Knuckle Puck is an American rock band, formed in 2010 in the suburbs of Chicago, Illinois. The group released several EPs, one of which, While I Stay Secluded (2014), peaked at number 5 on the Heatseekers Albums chart. The band released a split EP with the UK band Neck Deep. The group signed to Rise in 2014 and released its debut album, Copacetic, through the label in 2015.

The band's name comes from the "knucklepuck" shot in ice hockey, which was popularized by the 1994 film D2: The Mighty Ducks.

History

Formation and early releases (2010–2014)
Knuckle Puck started out covering songs in fall 2010 in the outskirts of Chicago. The band got its name from a Stick to Your Guns t-shirt that said "Knuckle Puck Crew". The band consisted of lead vocalist Joe Taylor, lead guitarist Kevin Maida, and drummer John Siorek. The group started writing original songs in April 2011 with the addition of rhythm guitarist Nick Casasanto. The group had friends fill in on bass. In July, the band played its first ever show. In October, the band released a self-titled EP, this was followed up by the Acoustics EP in March 2012. In October, the band released the Don't Come Home EP. The band co-headlined a tour with Seaway from late May to early June 2013. In August, the band self-released The Weight That You Buried EP. In February 2014 Bad Timing and Hopeless released a split EP that featured two songs each from Knuckle Puck and Neck Deep. Both bands toured together (alongside Light Years) from late February to early April. On March 16, the band performed at South by So What?! festival. In spring, the band gained bassist Ryan Rumchaks. Between May and June, the band supported Man Overboard on the group's The Heart Attack Tour alongside Transit, and Forever Came Calling.

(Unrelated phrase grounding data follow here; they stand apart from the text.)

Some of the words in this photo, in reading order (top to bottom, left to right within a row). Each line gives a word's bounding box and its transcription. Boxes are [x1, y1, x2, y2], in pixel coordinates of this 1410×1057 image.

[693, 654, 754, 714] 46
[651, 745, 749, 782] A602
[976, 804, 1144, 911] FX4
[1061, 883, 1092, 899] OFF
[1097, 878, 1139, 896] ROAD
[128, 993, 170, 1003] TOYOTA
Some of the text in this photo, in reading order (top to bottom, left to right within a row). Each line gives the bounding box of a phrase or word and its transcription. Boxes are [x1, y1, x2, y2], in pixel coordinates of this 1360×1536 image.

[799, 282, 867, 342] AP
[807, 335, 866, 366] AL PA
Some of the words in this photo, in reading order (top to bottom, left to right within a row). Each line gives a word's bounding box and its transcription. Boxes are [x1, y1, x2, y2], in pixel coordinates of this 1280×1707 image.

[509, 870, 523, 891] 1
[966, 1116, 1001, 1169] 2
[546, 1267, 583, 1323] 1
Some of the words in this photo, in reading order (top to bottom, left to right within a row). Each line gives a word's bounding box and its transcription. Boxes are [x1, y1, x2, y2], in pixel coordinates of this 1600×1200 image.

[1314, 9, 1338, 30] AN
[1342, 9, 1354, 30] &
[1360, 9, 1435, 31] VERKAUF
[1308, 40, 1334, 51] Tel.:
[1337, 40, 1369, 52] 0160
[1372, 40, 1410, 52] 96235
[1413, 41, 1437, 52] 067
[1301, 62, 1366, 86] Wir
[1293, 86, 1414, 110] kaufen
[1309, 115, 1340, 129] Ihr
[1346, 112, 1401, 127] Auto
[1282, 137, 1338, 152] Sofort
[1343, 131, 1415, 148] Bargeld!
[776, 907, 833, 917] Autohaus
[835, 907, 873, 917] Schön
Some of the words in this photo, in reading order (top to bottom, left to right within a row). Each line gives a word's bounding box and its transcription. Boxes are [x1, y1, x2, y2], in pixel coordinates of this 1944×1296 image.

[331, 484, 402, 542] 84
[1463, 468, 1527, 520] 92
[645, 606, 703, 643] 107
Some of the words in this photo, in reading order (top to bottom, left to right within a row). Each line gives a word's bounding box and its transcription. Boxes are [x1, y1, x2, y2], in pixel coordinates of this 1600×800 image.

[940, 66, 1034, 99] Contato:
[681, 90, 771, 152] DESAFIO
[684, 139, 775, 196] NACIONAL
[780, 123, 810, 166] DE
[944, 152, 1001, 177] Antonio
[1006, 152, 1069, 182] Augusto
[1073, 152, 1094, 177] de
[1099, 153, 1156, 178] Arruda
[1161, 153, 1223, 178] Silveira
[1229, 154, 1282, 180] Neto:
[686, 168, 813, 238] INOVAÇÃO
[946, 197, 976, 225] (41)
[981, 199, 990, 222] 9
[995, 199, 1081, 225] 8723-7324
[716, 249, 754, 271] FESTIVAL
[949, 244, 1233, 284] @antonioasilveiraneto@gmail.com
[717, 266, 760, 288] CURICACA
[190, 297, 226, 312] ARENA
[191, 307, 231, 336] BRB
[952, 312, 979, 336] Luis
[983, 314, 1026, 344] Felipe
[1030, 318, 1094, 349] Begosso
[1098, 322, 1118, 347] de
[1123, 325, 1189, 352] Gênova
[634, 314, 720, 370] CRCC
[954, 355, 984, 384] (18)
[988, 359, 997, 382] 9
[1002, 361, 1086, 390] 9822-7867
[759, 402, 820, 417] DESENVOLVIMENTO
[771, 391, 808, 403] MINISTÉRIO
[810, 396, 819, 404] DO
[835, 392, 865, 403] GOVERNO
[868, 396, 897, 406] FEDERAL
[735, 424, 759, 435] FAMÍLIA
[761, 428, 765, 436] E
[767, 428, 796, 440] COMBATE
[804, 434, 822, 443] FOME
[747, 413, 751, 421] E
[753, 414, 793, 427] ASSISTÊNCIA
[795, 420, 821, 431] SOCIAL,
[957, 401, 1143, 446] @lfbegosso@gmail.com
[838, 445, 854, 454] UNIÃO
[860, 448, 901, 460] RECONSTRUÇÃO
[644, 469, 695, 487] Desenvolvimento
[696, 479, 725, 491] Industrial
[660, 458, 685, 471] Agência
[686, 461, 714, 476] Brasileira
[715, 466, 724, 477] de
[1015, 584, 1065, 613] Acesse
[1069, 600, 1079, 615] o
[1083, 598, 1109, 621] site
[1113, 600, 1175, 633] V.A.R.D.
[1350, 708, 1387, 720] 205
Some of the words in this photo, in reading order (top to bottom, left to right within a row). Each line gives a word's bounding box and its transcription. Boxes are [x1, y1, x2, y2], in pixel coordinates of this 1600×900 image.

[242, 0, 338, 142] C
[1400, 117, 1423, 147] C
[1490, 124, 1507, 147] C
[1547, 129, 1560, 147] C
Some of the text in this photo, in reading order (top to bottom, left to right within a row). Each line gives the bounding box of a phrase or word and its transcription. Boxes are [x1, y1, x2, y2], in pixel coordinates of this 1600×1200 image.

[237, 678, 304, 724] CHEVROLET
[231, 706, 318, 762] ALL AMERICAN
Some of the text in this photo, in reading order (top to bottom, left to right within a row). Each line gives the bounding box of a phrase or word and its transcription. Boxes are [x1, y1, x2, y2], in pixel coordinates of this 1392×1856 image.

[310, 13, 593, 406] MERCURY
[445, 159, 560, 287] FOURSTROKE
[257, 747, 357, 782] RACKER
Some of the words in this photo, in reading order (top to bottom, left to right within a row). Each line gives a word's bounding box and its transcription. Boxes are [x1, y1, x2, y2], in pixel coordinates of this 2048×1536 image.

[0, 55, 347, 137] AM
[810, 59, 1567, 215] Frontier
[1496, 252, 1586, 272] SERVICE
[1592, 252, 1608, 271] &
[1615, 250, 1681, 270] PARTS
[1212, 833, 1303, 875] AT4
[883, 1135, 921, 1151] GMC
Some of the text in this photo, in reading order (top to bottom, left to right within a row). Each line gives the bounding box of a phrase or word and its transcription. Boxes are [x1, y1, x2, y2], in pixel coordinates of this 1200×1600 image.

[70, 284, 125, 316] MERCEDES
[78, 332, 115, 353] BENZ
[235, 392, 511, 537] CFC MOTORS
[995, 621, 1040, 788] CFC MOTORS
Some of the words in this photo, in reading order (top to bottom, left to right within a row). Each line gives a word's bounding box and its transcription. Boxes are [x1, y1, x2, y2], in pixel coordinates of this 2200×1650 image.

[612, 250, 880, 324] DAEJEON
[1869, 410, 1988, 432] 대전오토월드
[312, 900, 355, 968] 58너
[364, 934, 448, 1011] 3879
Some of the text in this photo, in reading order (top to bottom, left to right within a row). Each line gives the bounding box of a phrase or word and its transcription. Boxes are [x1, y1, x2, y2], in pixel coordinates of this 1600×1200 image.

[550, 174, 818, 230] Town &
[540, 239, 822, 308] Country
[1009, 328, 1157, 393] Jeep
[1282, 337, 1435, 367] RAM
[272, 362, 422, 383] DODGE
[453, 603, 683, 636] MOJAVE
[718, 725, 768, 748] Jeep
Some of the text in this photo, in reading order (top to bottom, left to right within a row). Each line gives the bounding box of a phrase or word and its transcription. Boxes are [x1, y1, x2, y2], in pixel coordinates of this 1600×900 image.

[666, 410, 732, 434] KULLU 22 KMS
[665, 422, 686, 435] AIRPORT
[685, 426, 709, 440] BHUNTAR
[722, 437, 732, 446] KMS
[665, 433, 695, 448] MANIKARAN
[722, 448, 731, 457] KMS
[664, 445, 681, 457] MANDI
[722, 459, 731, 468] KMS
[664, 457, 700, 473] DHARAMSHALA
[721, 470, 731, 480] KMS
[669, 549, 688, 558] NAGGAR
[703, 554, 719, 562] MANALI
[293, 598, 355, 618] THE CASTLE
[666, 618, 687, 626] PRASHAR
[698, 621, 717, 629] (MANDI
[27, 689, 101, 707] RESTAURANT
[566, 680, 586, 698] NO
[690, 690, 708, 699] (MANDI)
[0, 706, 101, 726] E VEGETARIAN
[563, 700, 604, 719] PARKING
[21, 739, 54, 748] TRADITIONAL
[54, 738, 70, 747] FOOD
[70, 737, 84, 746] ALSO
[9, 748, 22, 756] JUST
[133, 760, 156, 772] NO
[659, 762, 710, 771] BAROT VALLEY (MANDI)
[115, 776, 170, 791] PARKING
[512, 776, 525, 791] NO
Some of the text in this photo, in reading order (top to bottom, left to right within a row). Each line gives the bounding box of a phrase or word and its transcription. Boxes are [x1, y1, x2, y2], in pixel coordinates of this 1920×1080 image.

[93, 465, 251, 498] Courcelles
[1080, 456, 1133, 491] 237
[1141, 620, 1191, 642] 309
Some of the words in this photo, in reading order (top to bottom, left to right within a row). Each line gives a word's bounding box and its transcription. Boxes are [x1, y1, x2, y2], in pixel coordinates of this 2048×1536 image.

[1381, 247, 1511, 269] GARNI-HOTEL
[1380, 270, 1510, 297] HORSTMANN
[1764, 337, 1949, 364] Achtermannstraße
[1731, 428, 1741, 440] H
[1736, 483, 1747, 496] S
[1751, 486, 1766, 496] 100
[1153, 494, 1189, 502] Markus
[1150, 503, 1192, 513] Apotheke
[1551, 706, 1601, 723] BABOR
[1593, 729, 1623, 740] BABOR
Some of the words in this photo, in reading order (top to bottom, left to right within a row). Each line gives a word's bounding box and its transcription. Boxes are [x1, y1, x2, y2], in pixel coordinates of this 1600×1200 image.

A music video was released for the song "No Good" in June. It was directed by Eric Teti. In late July, it was announced the band were recording, and in early August the band finished recording its next release. Knuckle Puck supported Senses Fail on the band's Let It Enfold You 10th anniversary tour from late August till early October 2014. In early September, the band released a 7" flexi containing the songs "Oak Street" and "Home Alone", the former of which was intended for release on the group's next EP. The flexi was released by Bad Timing. On October 16, 2014, "Bedford Falls" was available for streaming. On October 23, the While I Stay Secluded EP was made available for streaming and on October 28, it was released by Bad Timing. The EP had peaked at number 5 on the Heatseekers Albums in the U.S. Guitarist Kevin Maida revealed that the band "firmly and confidently" considered the EP the group's best work so far. On October 31, the band released a music video for "Oak Street". In November and December, the band supported Modern Baseball on the group's winter tour.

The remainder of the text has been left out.